Future Islands set was a marvellous example of the manic in music. Sam Herring and cohorts’ set is a consistent slinky madness, his infamous onstage dancing a bizarrely charismatic spectacle that keeps the crowd right where he wants them. Herring’s Walter-Matthau-directed-by-David-Lynch peacher’s growl is bathed in mid-afternoon light giving everything even more of a strange churchy atmosphere.
On the amphitheatre stage for Friday night’s closer, “Beck’s back” might cover the current state of mind of the great man. With recent albums like Morning Phase fairly reflective in tone it’s easy to forget that he was once the genre-hopping wunderkind. Not tonight though. Once through the more recent material the old Beck, playing up his possible, probable, Norwegian heritage, turns back the clock for the party jams of Midnite Vultures and Odelay.
Coming after Nile Rodger’s own peerless showmanship 2 days earlier, this is another Øya highlight – Beck reappearing in a southern disco gentleman’s all white suit for a massive slowjam of “Debra” and “Where It’s At”, freestyling bits of Christopher Cross’s “sailing” into the mix just for laughs. A joyous thing from Mr Hansen.
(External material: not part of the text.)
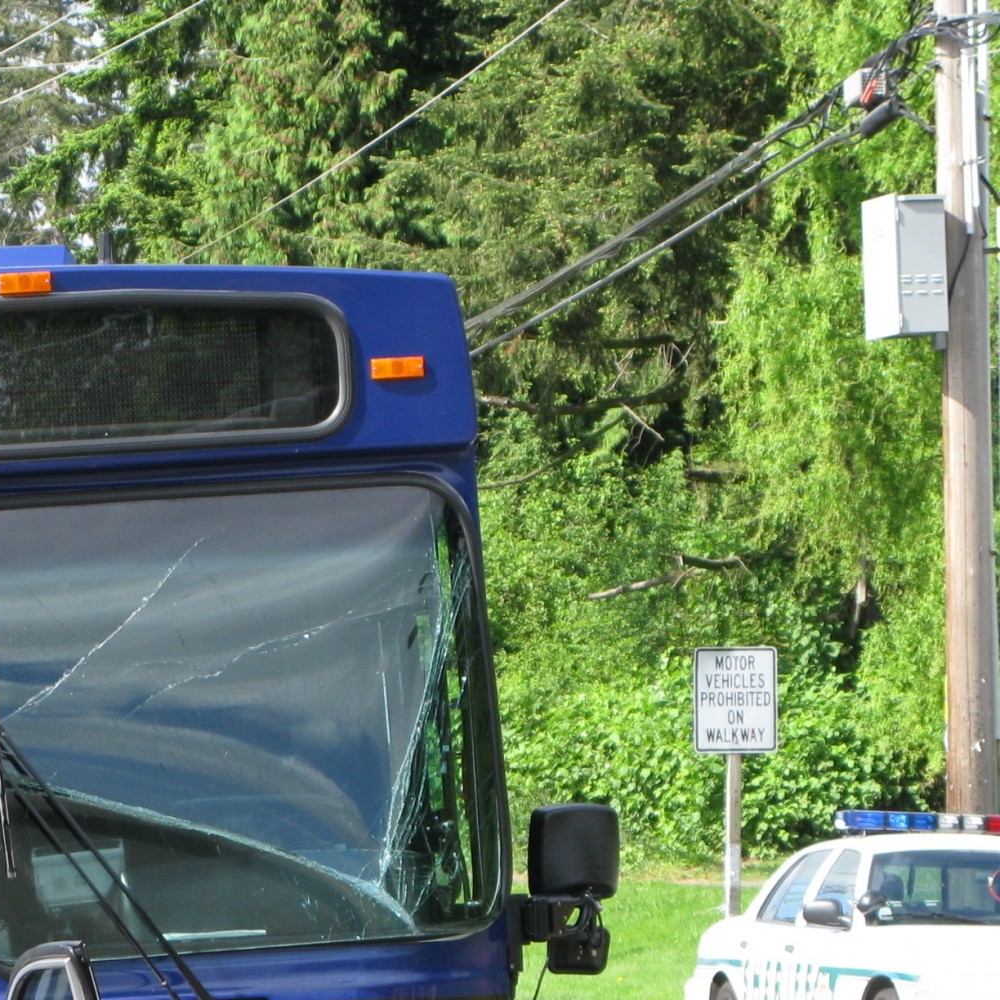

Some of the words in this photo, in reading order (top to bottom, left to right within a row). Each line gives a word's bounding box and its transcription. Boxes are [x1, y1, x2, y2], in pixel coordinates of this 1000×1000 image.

There are hundreds of festivals in Europe at this point and your humble correspondents attend a fair few of them. But it would be fair to say this is one of the best.
And perhaps the hidden star of the show is Oslo itself. Its laidback friendly civilisation, its sun always low in the sky. Indeed, its green and pleasant parks make this more a massive artful garden party than one of those 3-days-in-a-field horrors that you just about survive. And when you come, be sure to explore. Nature’s still a daily part of the experience here and Oslo is ringed by beautiful forests, islands, and of course the sea. Those timeless things that our ancestors decided it was worth inventing festivals and holidays for in the first place.